Peter thinks of himself as very consciously trapped in this world, but his obsessed-over mid-life crisis keeps sending him warning signals, hints of paths not taken:

He can feel something, roiling at the edges of the world. Some skittery attentiveness, a dark gold nimbus studded with living lights like fish in the deep black ocean; a hybrid of galaxy and sultan's treasure and chaotic, inscrutable deity.

If by now you're feeling reminded of something, you're not wrong: that something is Peter Shaffer's Equus, and Peter is a fair enough stand-in for Martin Dysart, the buttoned-down psychiatrist who becomes fascinated by horse-obsessed wild-child Alan Strang (in that opening scene of the novel, Peter tellingly wishes the body of the dead horse weren't covered over, that he could see "yellow teeth bared, tongue lolling, blood black on the pavement")(later in the book, when Peter impulsively offers Mizzy a pill, it's Klonopin - a horse tranquilizer), except, again, more biddable.

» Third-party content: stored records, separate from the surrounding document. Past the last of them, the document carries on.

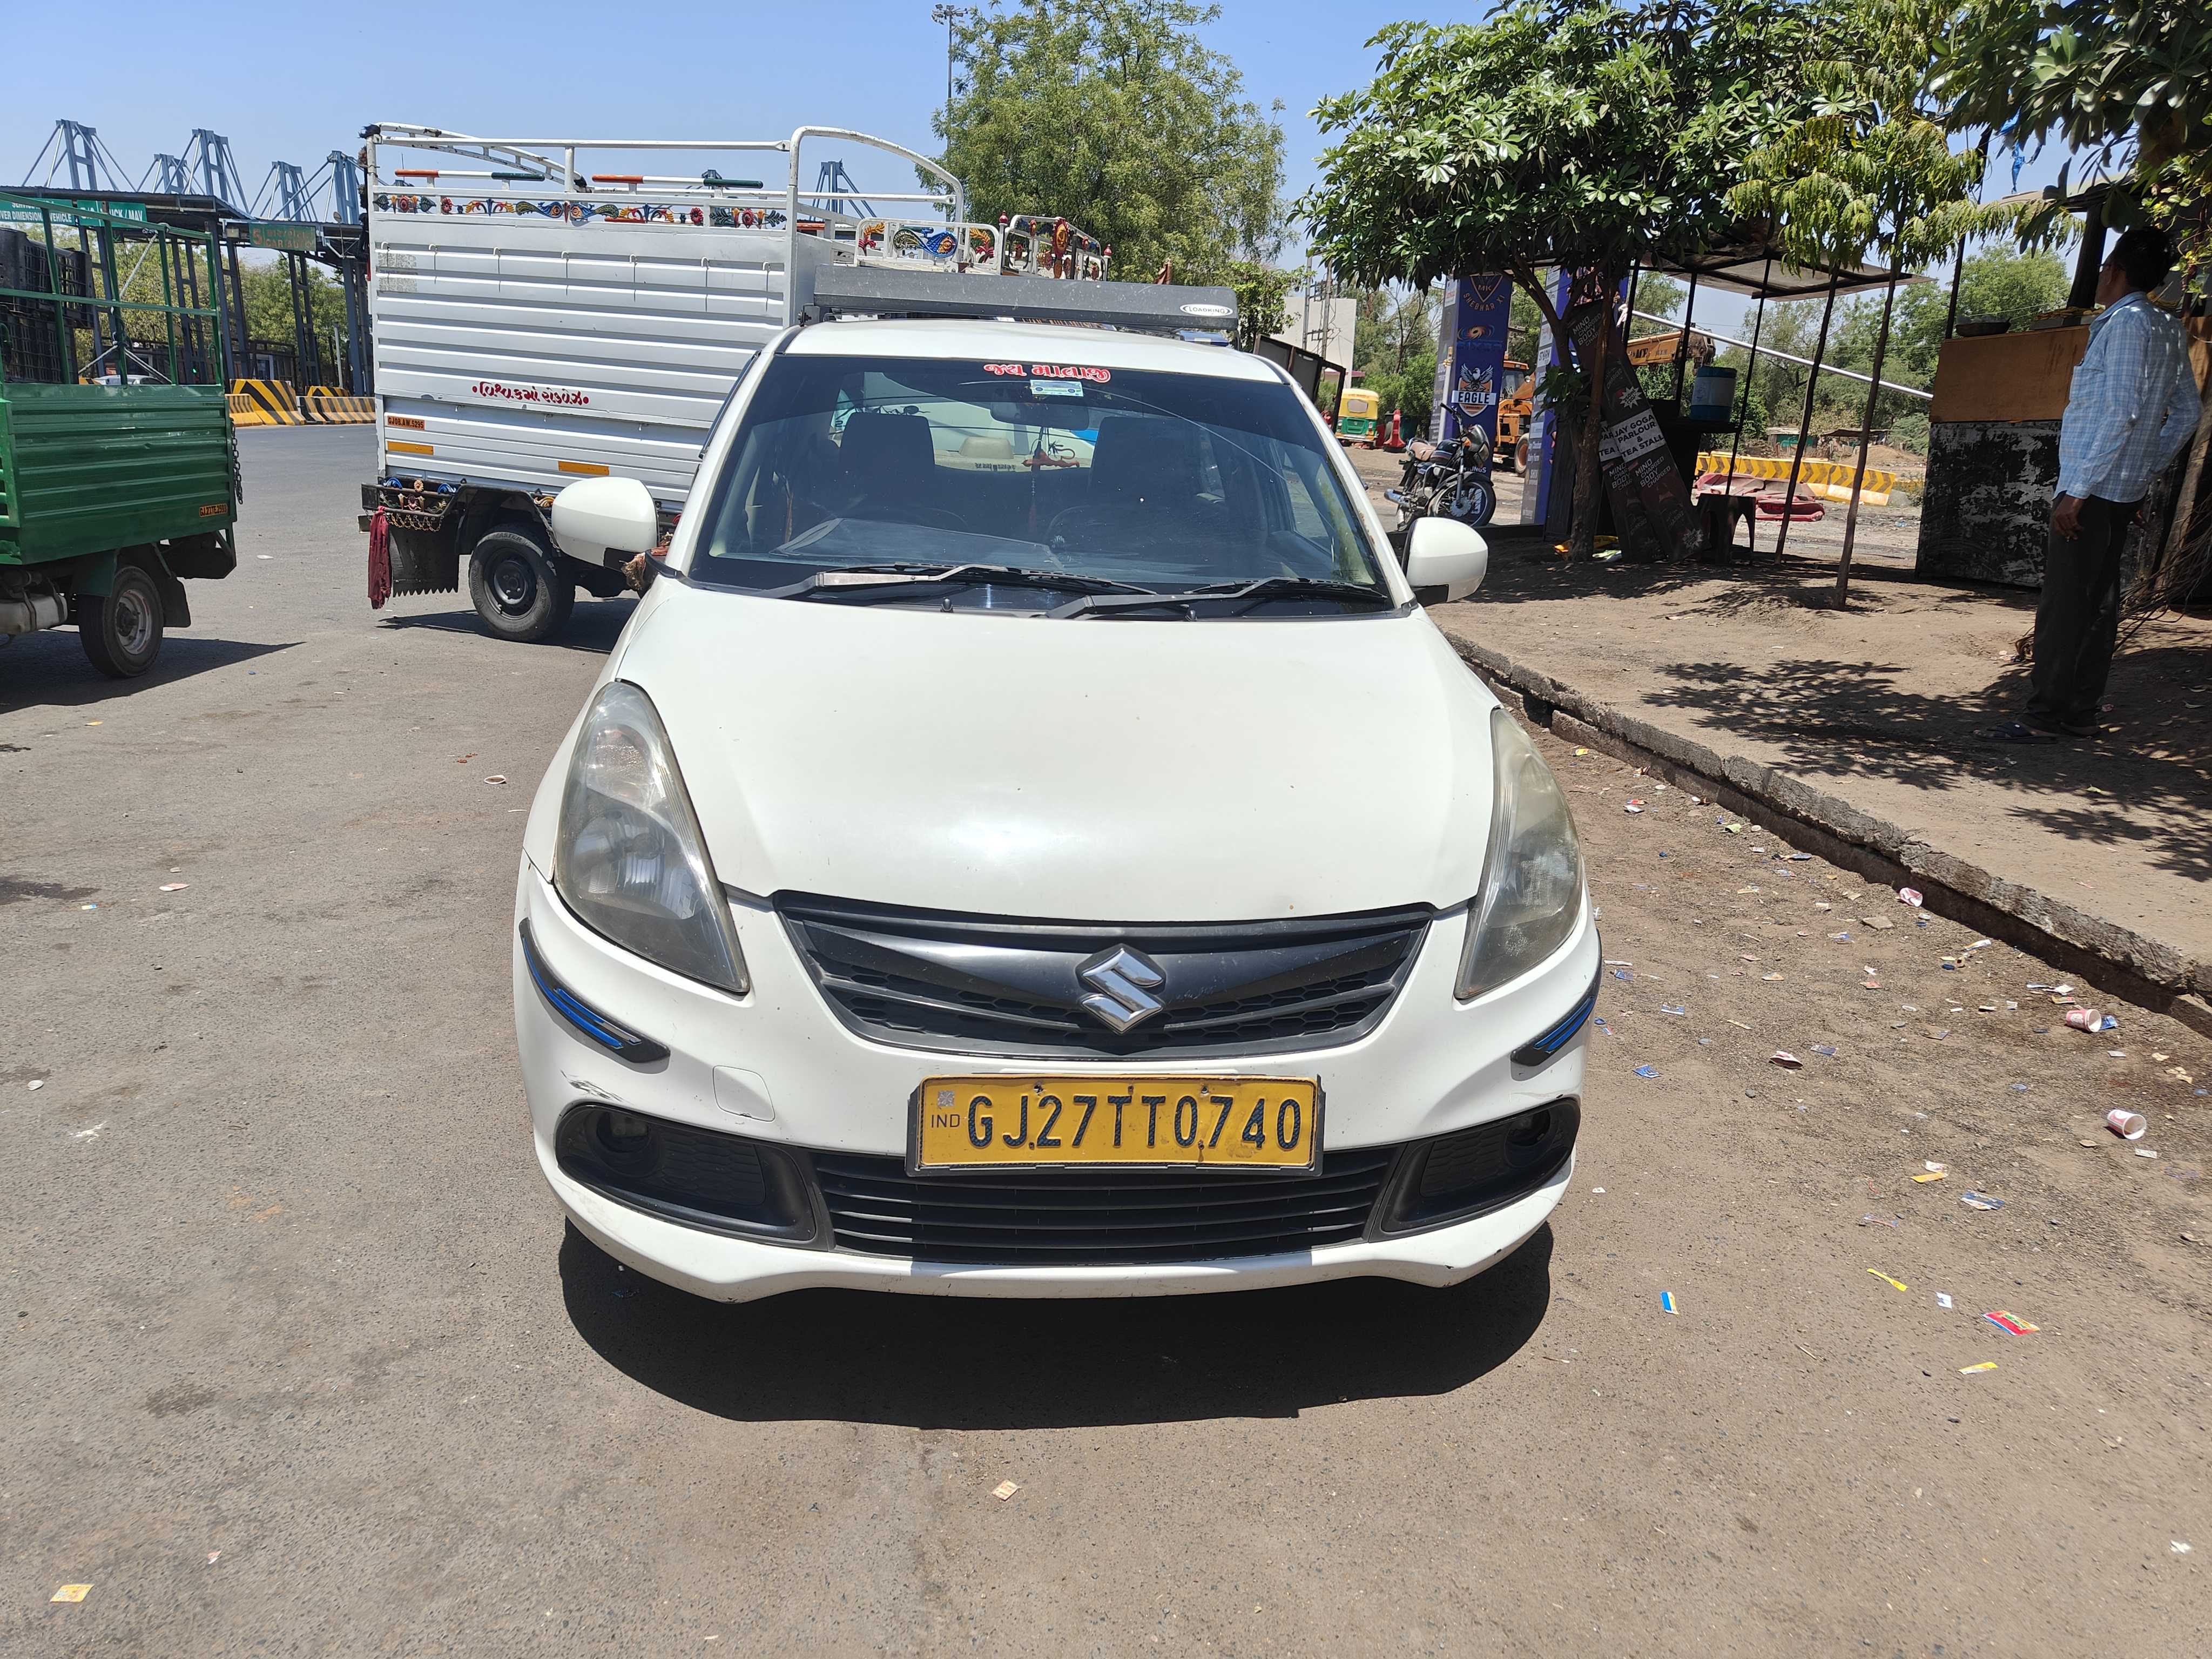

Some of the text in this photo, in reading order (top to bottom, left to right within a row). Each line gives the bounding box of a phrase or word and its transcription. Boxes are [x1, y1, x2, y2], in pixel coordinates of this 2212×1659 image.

[0, 210, 11, 220] VER
[12, 211, 43, 221] DIMENSION
[49, 213, 72, 222] VEHICLE
[1573, 316, 1590, 335] MIND
[1577, 325, 1595, 346] BODY
[1585, 332, 1599, 346] CHAR
[1459, 392, 1490, 404] EAGLE
[1615, 414, 1655, 437] JAY GOGA
[1618, 422, 1656, 443] PARLOUR
[1599, 447, 1615, 456] TEA
[1621, 434, 1664, 457] TEA STALL
[1614, 468, 1629, 480] CHAR
[1635, 458, 1653, 476] MIND
[1641, 456, 1664, 478] CHARGED
[1618, 479, 1633, 490] CHAR
[1640, 468, 1658, 487] BODY
[1647, 466, 1670, 488] CHARGED
[932, 1095, 1301, 1151] IND GJ27TT0740
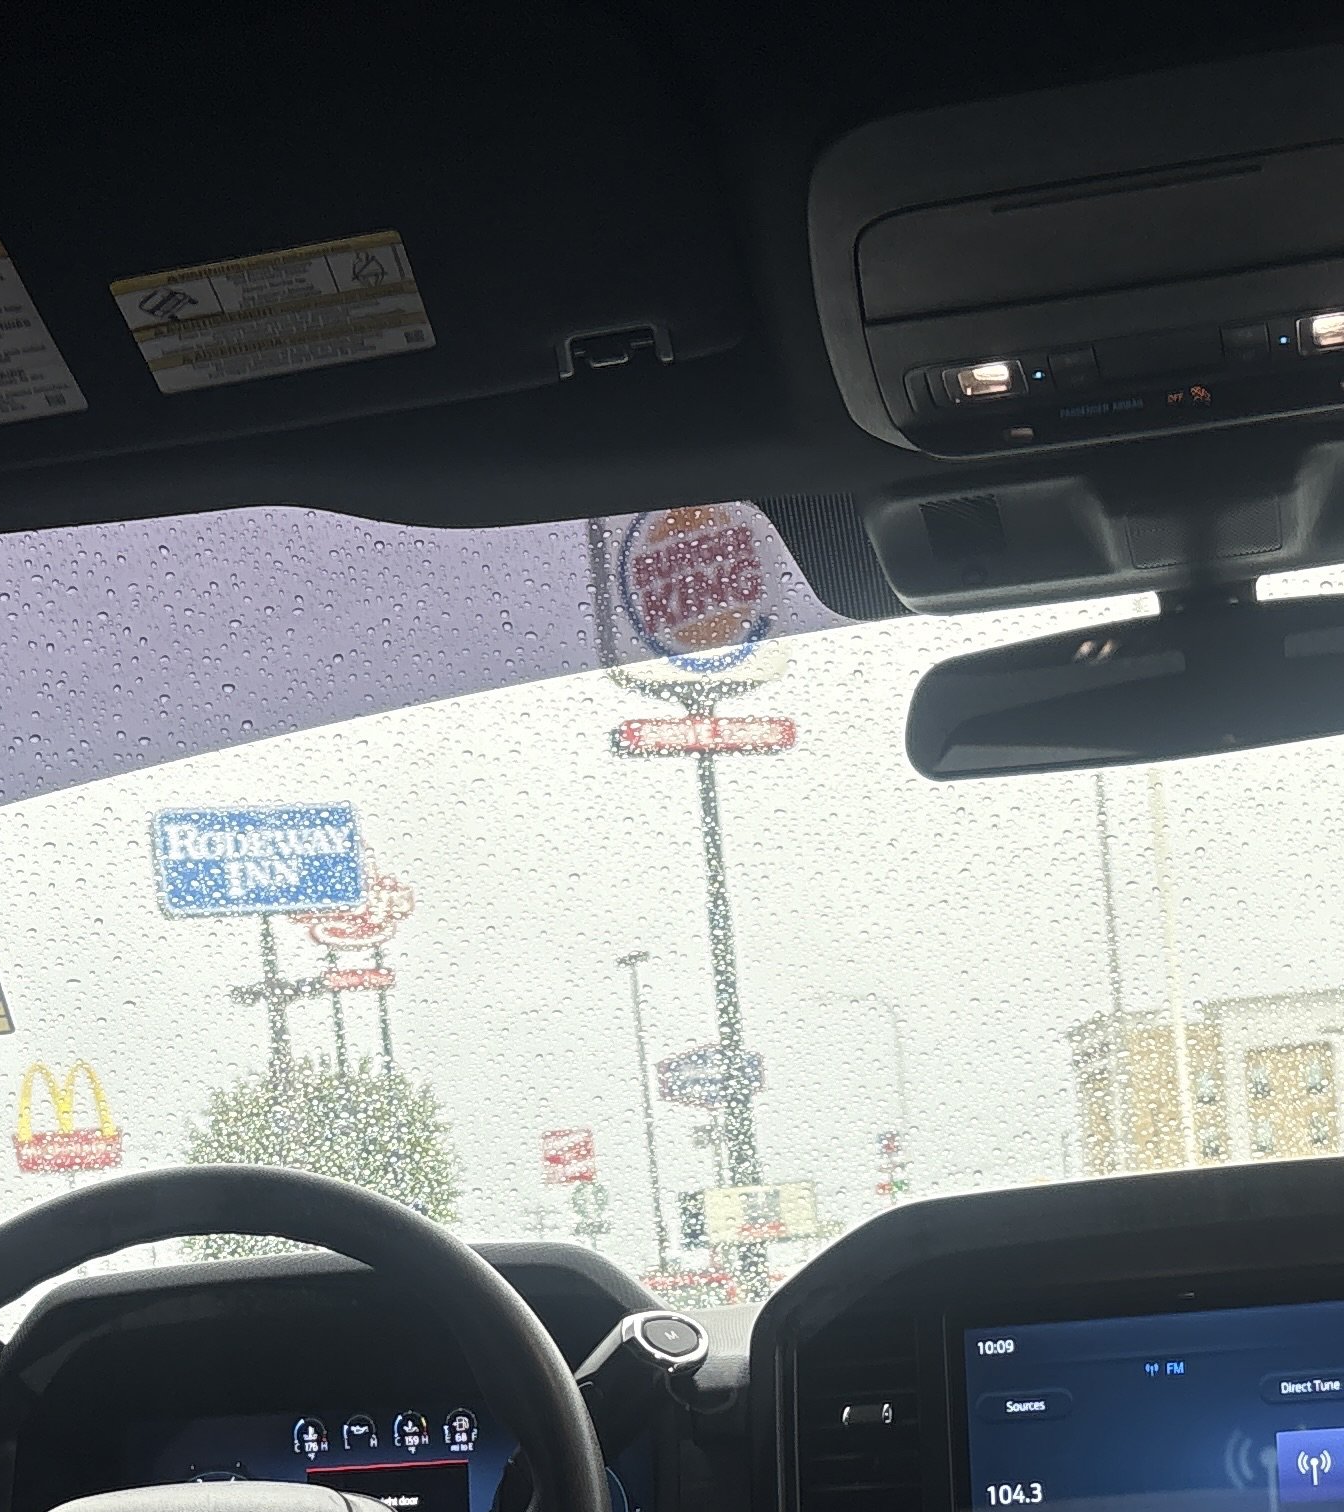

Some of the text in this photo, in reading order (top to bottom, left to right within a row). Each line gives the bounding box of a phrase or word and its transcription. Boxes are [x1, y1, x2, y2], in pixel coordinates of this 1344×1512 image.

[643, 558, 762, 634] KING
[226, 860, 300, 893] INN
[977, 1339, 1015, 1355] 10:09
[1166, 1361, 1185, 1375] FM
[1280, 1378, 1341, 1394] Direct Tune
[1005, 1400, 1046, 1413] Sources
[986, 1482, 1043, 1506] 104.3

In scene after masterfully realized scene, Peter convinces himself that he desperately misses his wife's long-gone youth, and that Mizzy might somehow be a door back to it:

He wants, for at least a little while, to live in that other, darker world - Blake's London, Courbet's Paris; raucous, unsanitary places where good behavior was the province of decent, ordinary people who produced now works of genius. God knows, Peter is no genius, and Mizzy isn't, either, but maybe the two of them could wander off the map a little, maybe it's what he's been waiting for, and because life is, as they say, full of surprises, it's arrived not in the form of a great young artist but in the form of a young male version of Peter's wife ...

Like Dysart, Peter comes to some devastating conclusions about himself as a result of the boy (don't expect more: all the von Aschenbachs these days wind things up not by dying but by going home and heating some dinner), although Cunningham is not yet at a point in his career where he would risk offending the almighty book-group buying crowd with an unhappy ending. The novel this might have been, in which Mizzy has the courage of his flirtations and Peter has the courage - or the confident delusion - of that man in the back seat, never materializes, although it comes close (the moment of truth, of course, takes place in a Starbucks).Along the way, there are some curious affectations (in a writer of weaker gifts than Cunningham, I'd probably call them flaws). There's a repeated fawning on the rich ("the energy these people possess. The degree to which they care") that perhaps betokens the company Cunningham keeps these days (in his Acknowledgments he thanks the gorgeous young actor Hugh Dancy, who would be perfectly cast as Mizzy), and there's some Brooklyn-bashing (accurate, but unsportsmanlike) that's not quite convincingly enough imputed to Peter rather than our author.But these are minor things; the main impression of re-reading this novel is just how good it all is: smart, assured, immensely charismatic and thought-provoking. I highly recommend it.